Author: Molly Jeffery PhD @mollyjeffery
Commentary about: Jeffery at al. Trends in opioid use in commercially insured and Medicare Advantage populations in 2007-16: retrospective cohort study. BMJ 2018.
With all the attention that is being paid to opioid prescribing over the past few years, we wanted to know whether we’re moving the needle: are fewer people taking opioids now than a few years ago?
Surprisingly, we found that the percentage of people who take opioids hasn’t changed much since the rates started to level off in about 2012. Specifically, among commercially insured people—people who generally get their health insurance from their or a family members’ employer—and people aged 65 and older who have Medicare Advantage insurance, we have seen very little change in the proportion of people taking prescribed opioids.
In the third population we looked at—people with long-term disabilities who have Medicare Advantage—we saw minor changes, but use has been nearly flat since 2012. And in all three groups, use was higher in 2016 than at the beginning of the study in 2007.
What does this mean? The United States uses opioids in a way no other country does. We use nearly twice as much opioids per person as the next closest countries (Canada and Germany), and about 7 times as much as the UK. We don’t know the ideal level of opioid use that balances risks and benefits to patients and societies, but it seems pretty clear that we in the US are above that ideal level.

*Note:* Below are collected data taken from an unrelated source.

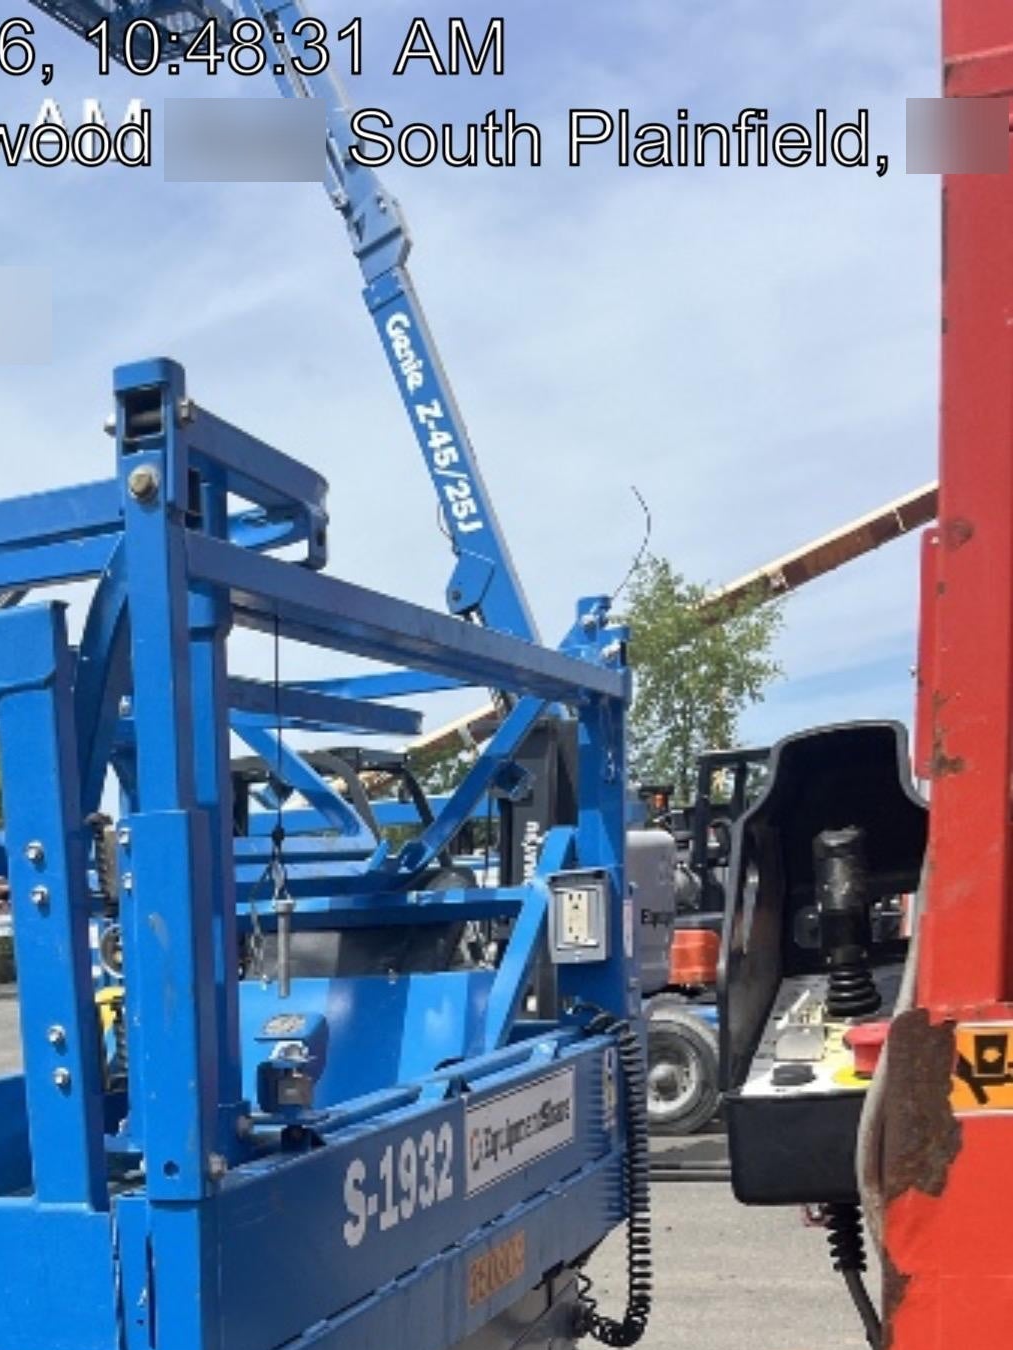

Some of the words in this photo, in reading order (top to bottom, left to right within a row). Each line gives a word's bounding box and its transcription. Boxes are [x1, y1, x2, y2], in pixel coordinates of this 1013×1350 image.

[385, 311, 424, 396] Genie
[414, 399, 484, 534] Z-45/25J
[343, 1121, 454, 1248] S-1932
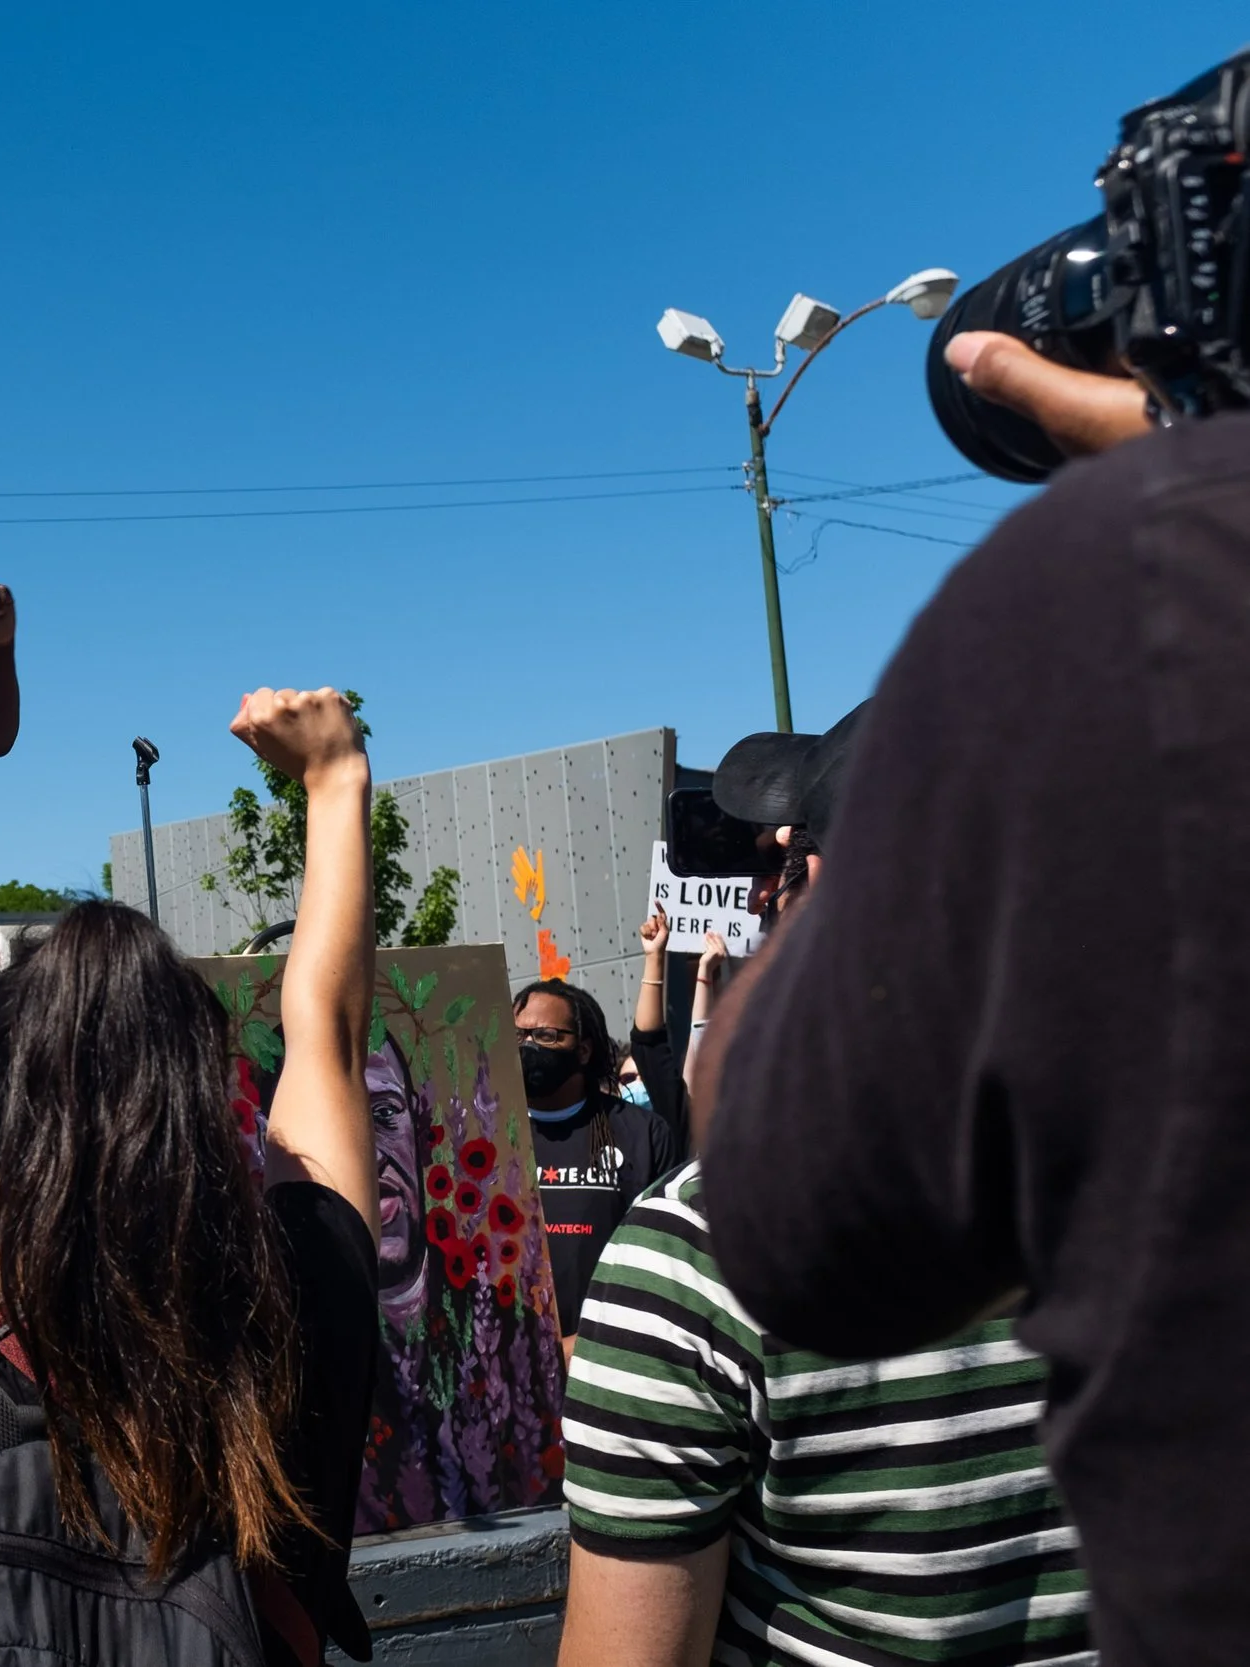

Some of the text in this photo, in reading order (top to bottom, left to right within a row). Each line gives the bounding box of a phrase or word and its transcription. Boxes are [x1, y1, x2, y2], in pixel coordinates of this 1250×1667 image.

[655, 881, 748, 910] IS LOVE
[728, 921, 742, 937] IS

To change that, we need to address two different problems. First, we need to do a better job with opioids for acute pain, and there may be a role for emergency medicine in that effort. In earlier work (https://doi.org/10.1016/j.annemergmed.2017.08.042
), we found that first-time opioid prescriptions (that is, prescriptions for people who haven’t taken opioids in at least 6 months) written in the emergency department were for shorter durations and lower doses than first-time prescriptions written in other settings. Still, researchers at UPenn have found substantial national variation (https://doi.org/10.1016/j.annemergmed.2018.06.003) in the proportion of people being treated for ankle sprains in the ED, with state rates as high as 40% and as low as 3%.
Some health systems have had success reducing opioid prescriptions by instituting voluntary prescribing guidelines. Here at Mayo Clinic, the department of orthopedic surgery looked at their data on opioid prescribing after surgery and developed a voluntary guideline that resulted in a nearly 50% reduction in the volume of opioids prescribed after hip and knee replacement surgeries (doi: 10.1007/s11999.0000000000000292). And this was accomplished without an increase in the proportion of patients requesting refills. In other words, the new lower prescribing does not seem to have negatively impacted patient pain control.
The second problem we need to address is opioid prescribing for chronic pain. Our study found that in the commercially insured population, the 3% of opioid use episodes that represented long-term use were associated with 62% of all opioids dispensed to that group. The scientific evidence suggests that on average, long-term opioid use is not an effective treatment for chronic pain (https://www.cdc.gov/mmwr/volumes/65/rr/rr6501e1.htm). Some patients are able to achieve improved functioning and pain reduction when using opioids long term, but most are not. We desperately need more effective treatments for chronic pain and better access to non-opioid treatments we already have. For example, multidisciplinary pain programs have been found to help patients with chronic pain improve function and pain management, but they can be expensive and difficult to access, with some insurers reluctant to cover them. (http://americanpainsociety.org/uploads/about/position-statements/interdisciplinary-white-paper.pdf)
Some have suggested that we need laws or policies to cut off access to high dose or long-term opioid therapy. The trouble with that is that there is no such thing as a one-size-fits-all treatment plan for pain. Different types of pain respond to different treatments, and so do different patients. Policies that require the insurance company to sign off on an opioid dose above some level can have an unfair impact on patients with fewer resources. If you have the cash to pay, you can fill that high dose prescription written by your physician. But if you need your insurance company to pay, you may have to leave the pharmacy without your medication. You may have to spend substantial time on the phone to get the treatment approved. You may have to wait until the physician and insurance company contact each other. It’s not the right way to treat people.
Reducing prescribed opioid use is going to take time to do humanely and effectively. It will take partnership between providers and patients, but it can be done.